Saved data entries →
****************************************

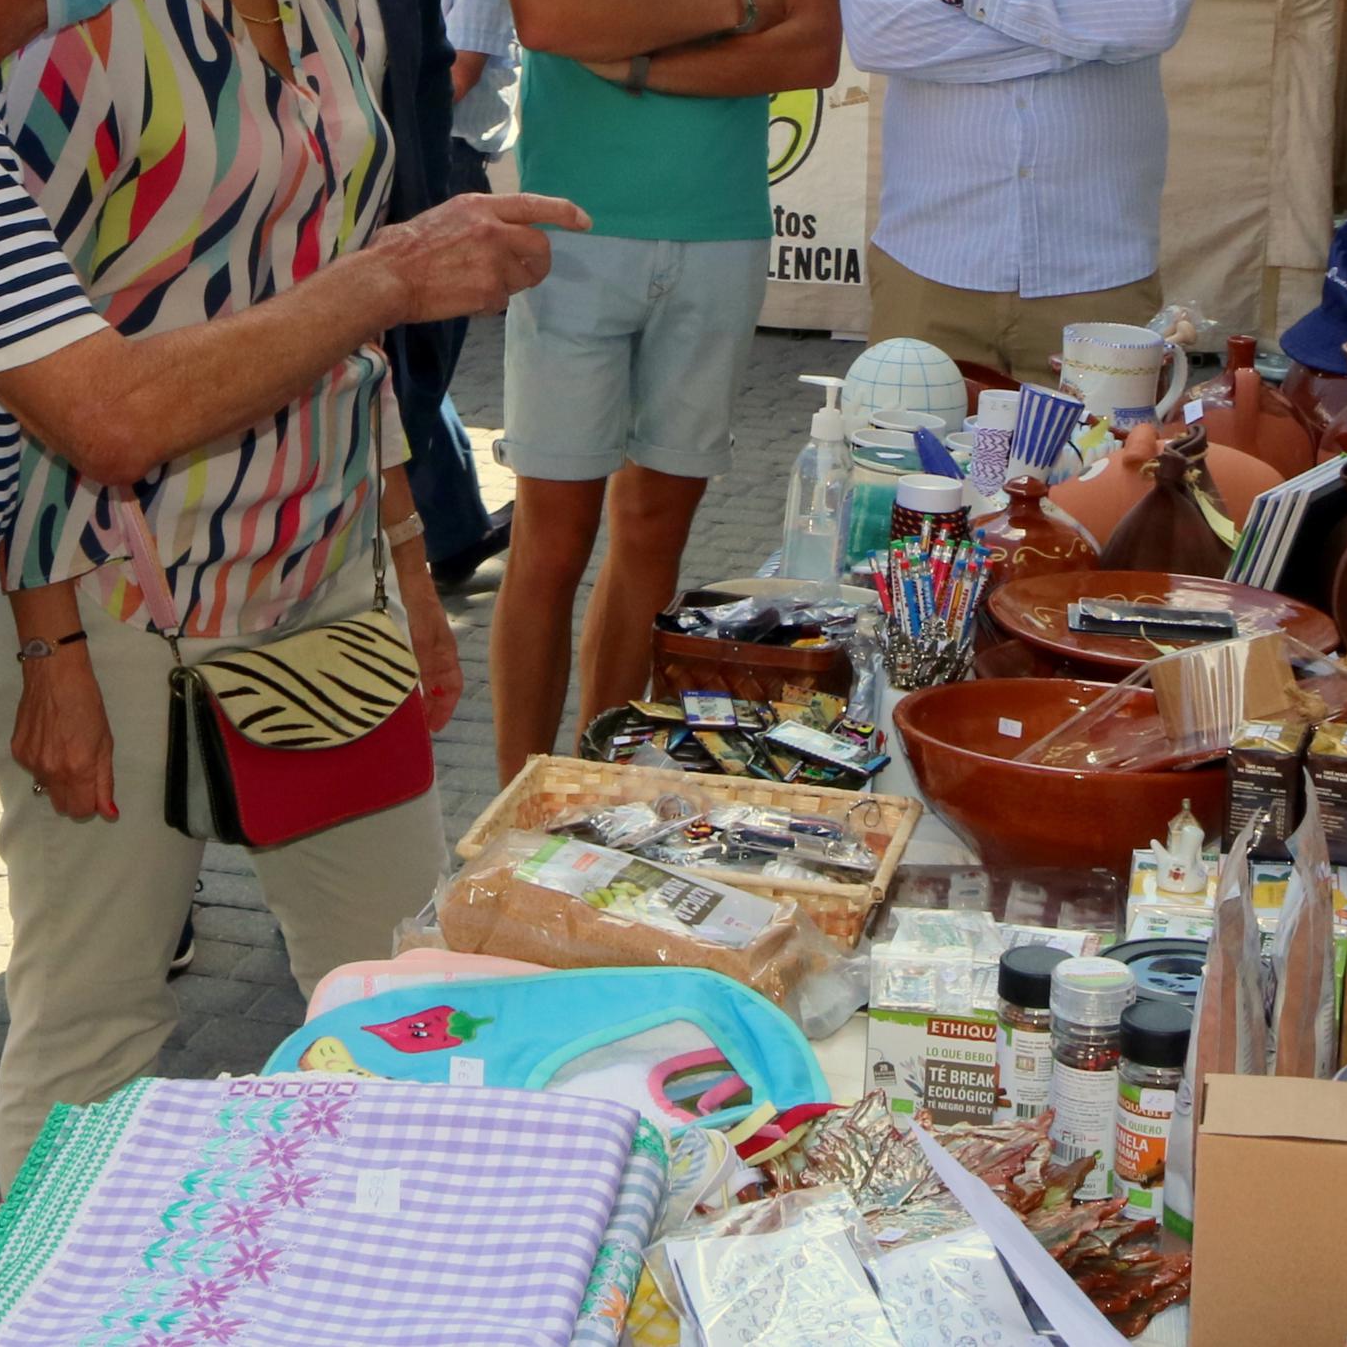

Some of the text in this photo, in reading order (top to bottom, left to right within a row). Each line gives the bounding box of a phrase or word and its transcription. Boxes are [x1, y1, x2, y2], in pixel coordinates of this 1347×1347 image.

[925, 1046, 994, 1064] LO QUE BEBO
[928, 1064, 995, 1089] TÉ BREAK
[926, 1099, 937, 1109] TÉ
[938, 1101, 964, 1113] NEGRO
[965, 1104, 977, 1114] DE
[1128, 1119, 1163, 1135] QUIERO
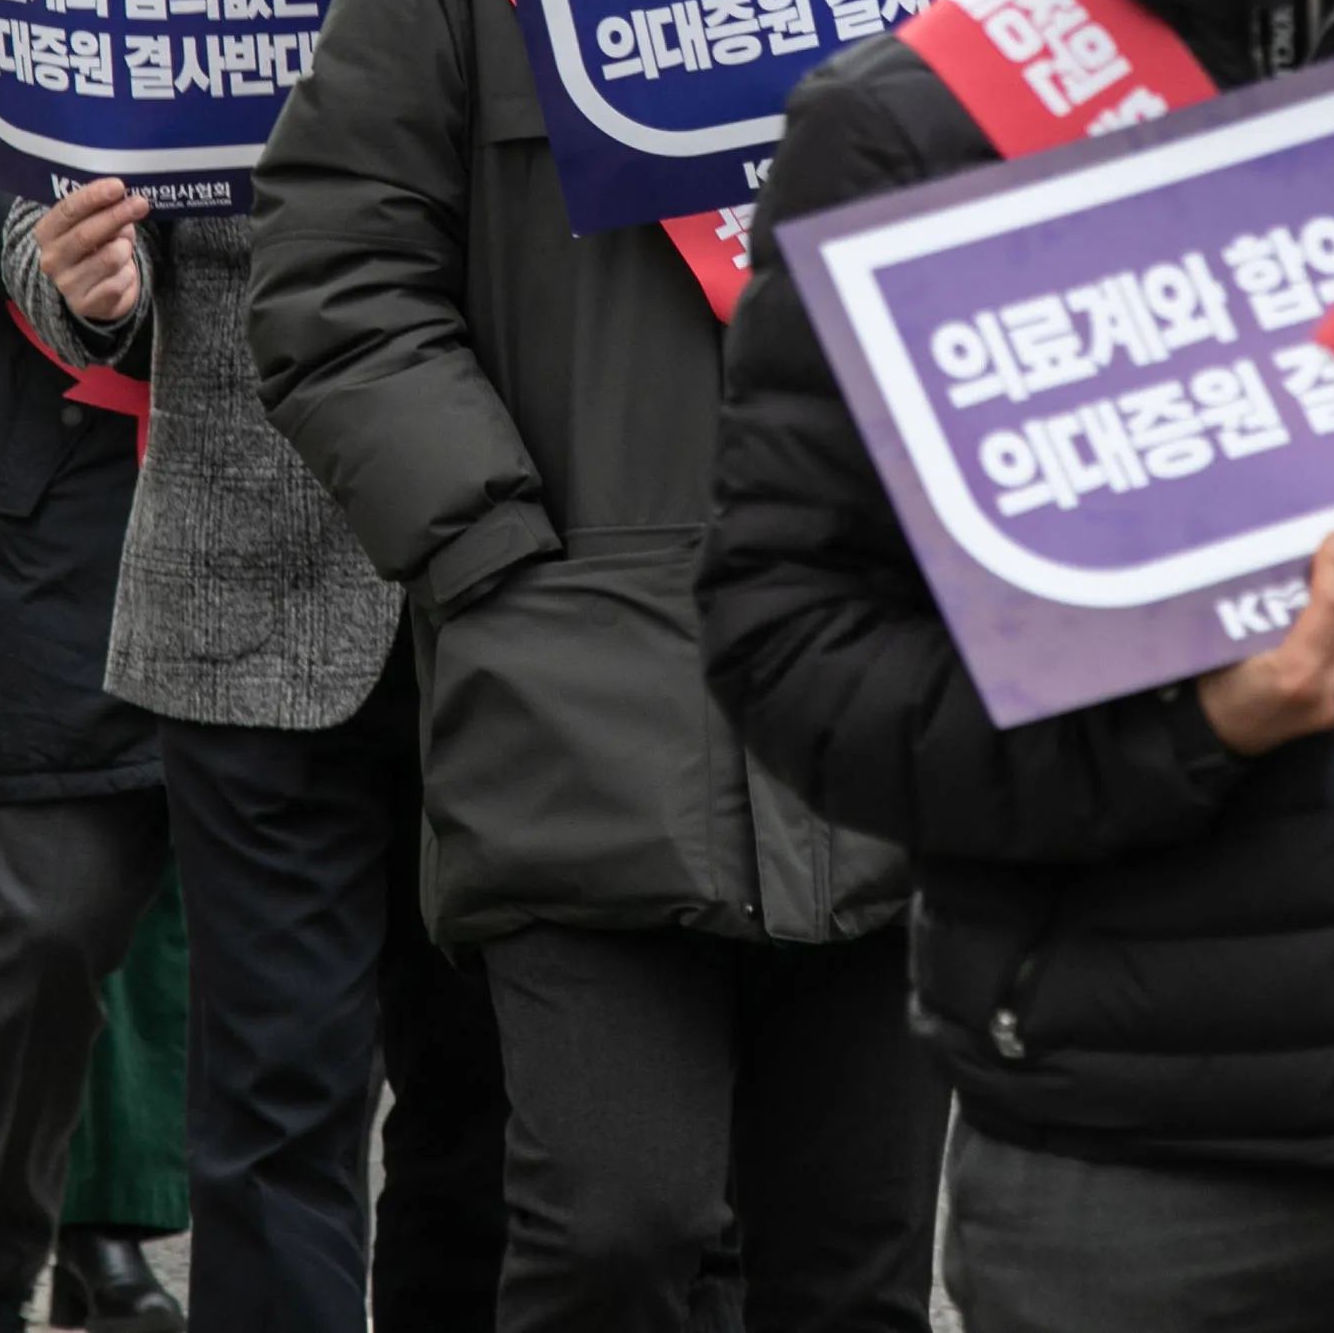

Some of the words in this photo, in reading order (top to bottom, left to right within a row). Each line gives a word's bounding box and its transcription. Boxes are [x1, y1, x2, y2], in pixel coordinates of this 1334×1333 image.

[124, 31, 321, 100] 결사반대
[931, 251, 1238, 408] 의료계와
[979, 357, 1291, 517] 의대증원
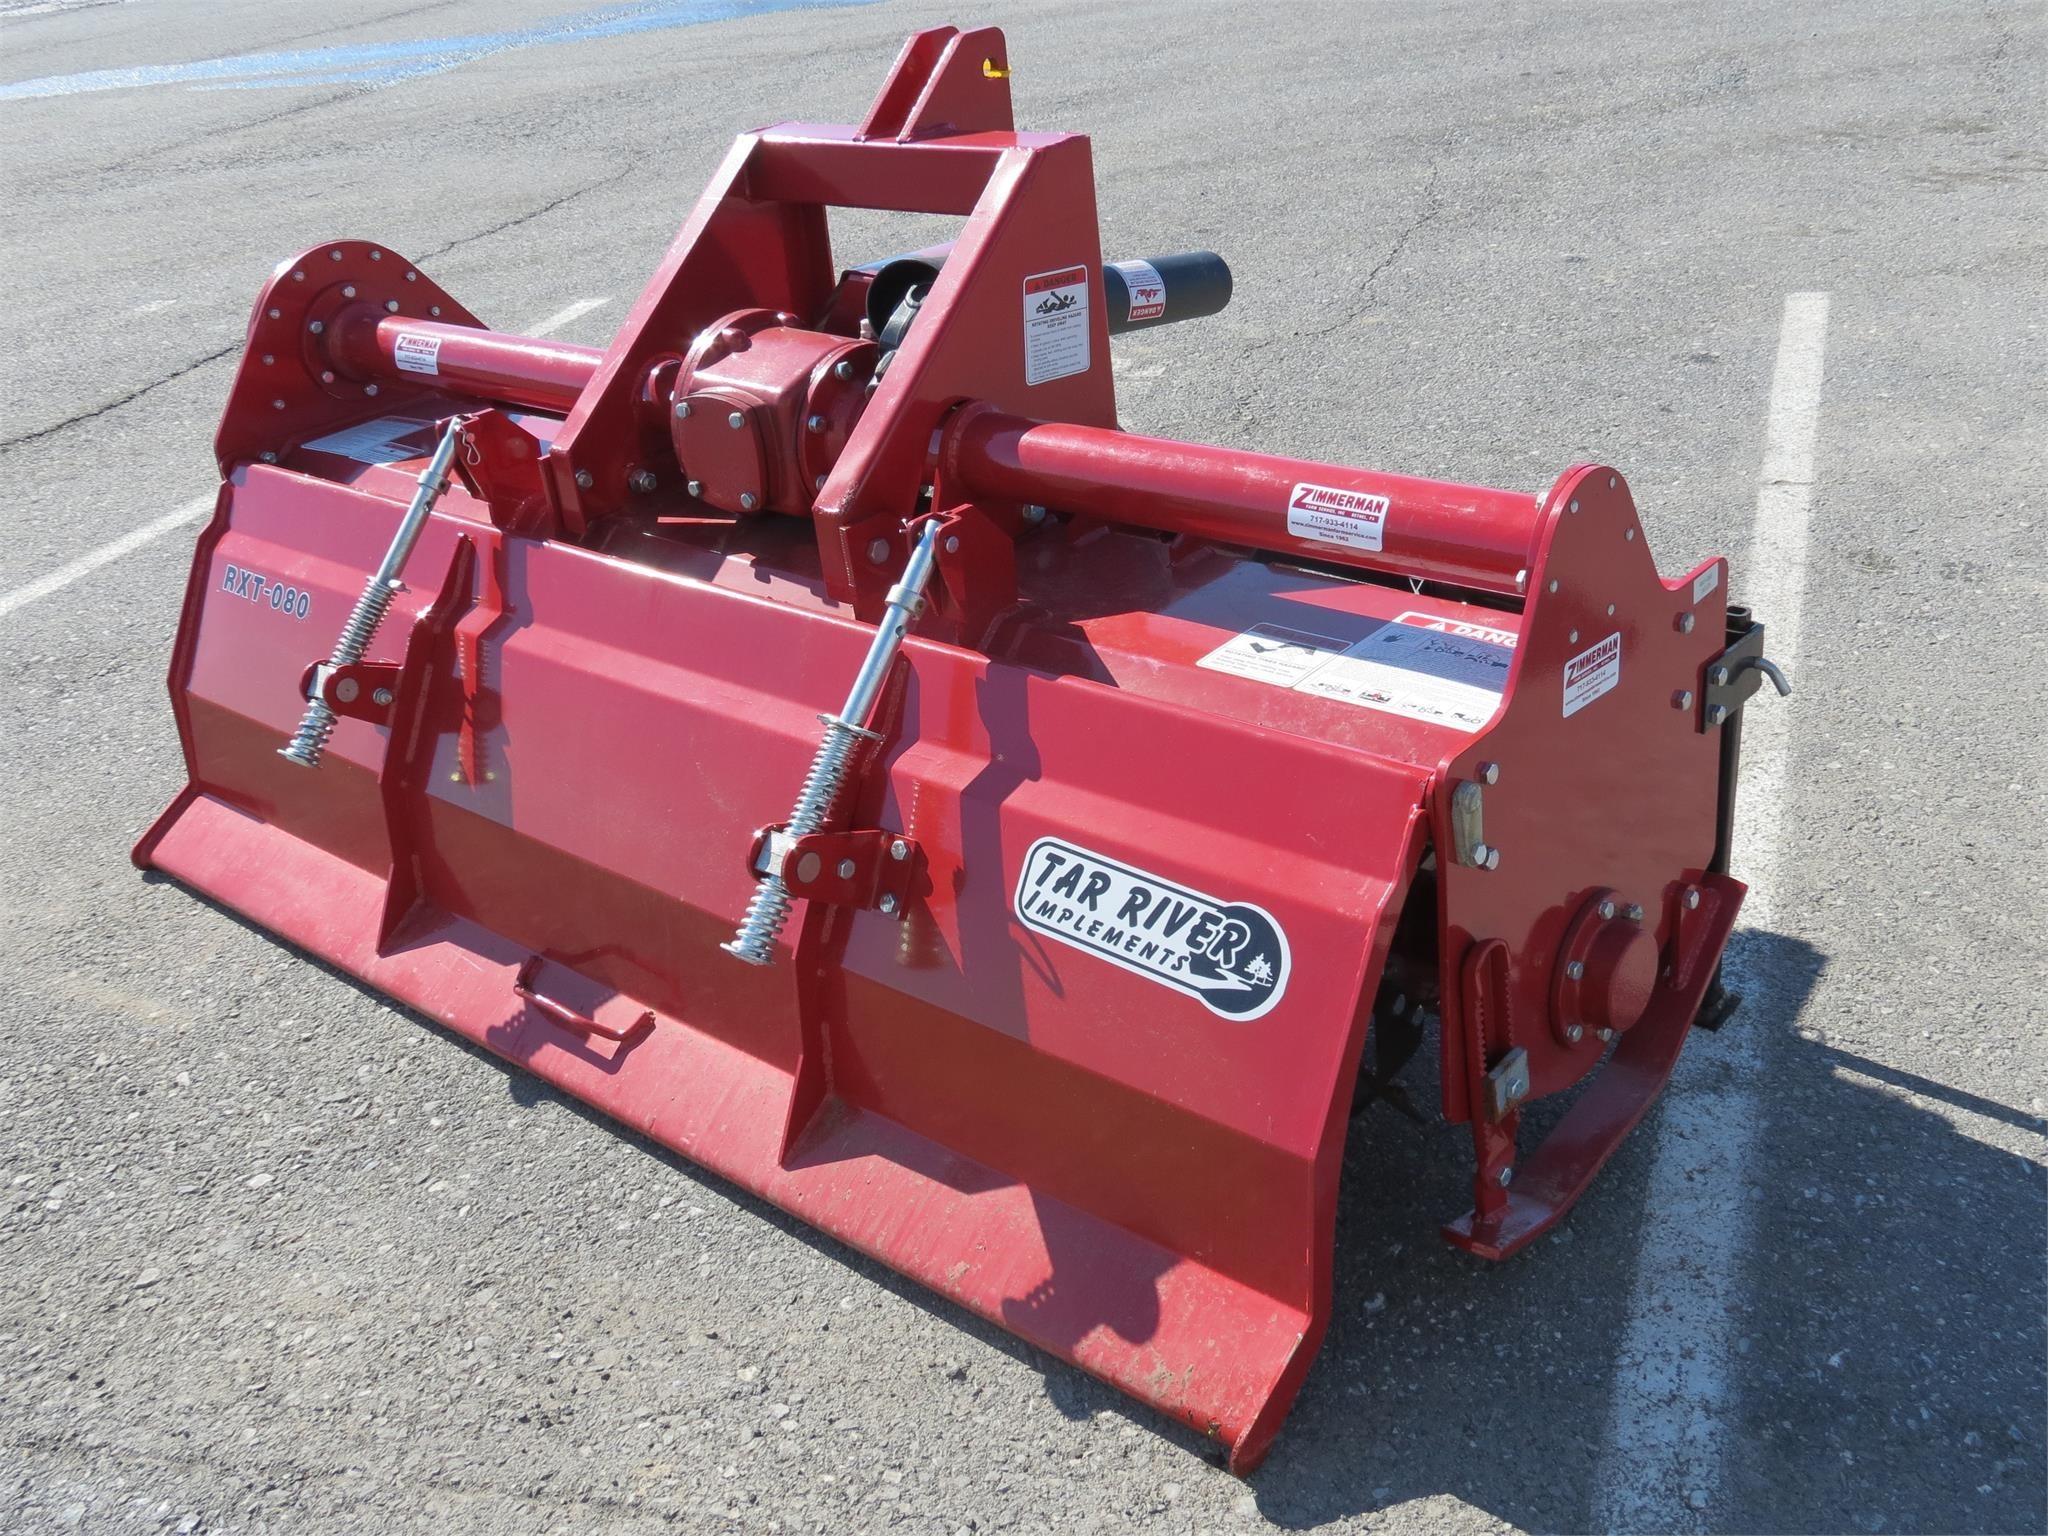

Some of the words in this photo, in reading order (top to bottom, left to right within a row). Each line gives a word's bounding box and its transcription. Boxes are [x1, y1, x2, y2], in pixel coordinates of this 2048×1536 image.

[1292, 487, 1385, 514] ZIMMERMAN
[1310, 515, 1359, 530] 717-933-4114
[222, 564, 310, 619] RXT-080
[1453, 626, 1518, 647] DANG
[1566, 636, 1618, 689] ZIMMERMAN
[1024, 890, 1190, 971] IMPLEMENTS
[1035, 852, 1111, 911] TAR
[1116, 886, 1250, 969] RIVER

****************************************

Work to complete → Pictures aside, retype all of the entries word for word.

Response to the task →
Some of the text in this photo, in reading order (top to bottom, left to right within a row). Each line gives the bounding box of a phrase or word and its transcription. Boxes are [x1, y1, x2, y2], in pixel coordinates of this 1347×1347 image.

[925, 1046, 994, 1064] LO QUE BEBO
[928, 1064, 995, 1089] TÉ BREAK
[926, 1099, 937, 1109] TÉ
[938, 1101, 964, 1113] NEGRO
[965, 1104, 977, 1114] DE
[1128, 1119, 1163, 1135] QUIERO

Some of the words in this photo, in reading order (top to bottom, left to right within a row). Each line gives a word's bounding box and its transcription. Boxes are [x1, y1, x2, y2], in pixel coordinates of this 1334×1333 image.

[124, 31, 321, 100] 결사반대
[931, 251, 1238, 408] 의료계와
[979, 357, 1291, 517] 의대증원

Some of the words in this photo, in reading order (top to bottom, left to right within a row). Each line gives a word's bounding box and its transcription. Boxes are [x1, y1, x2, y2], in pixel coordinates of this 2048×1536 image.

[1292, 487, 1385, 514] ZIMMERMAN
[1310, 515, 1359, 530] 717-933-4114
[222, 564, 310, 619] RXT-080
[1453, 626, 1518, 647] DANG
[1566, 636, 1618, 689] ZIMMERMAN
[1024, 890, 1190, 971] IMPLEMENTS
[1035, 852, 1111, 911] TAR
[1116, 886, 1250, 969] RIVER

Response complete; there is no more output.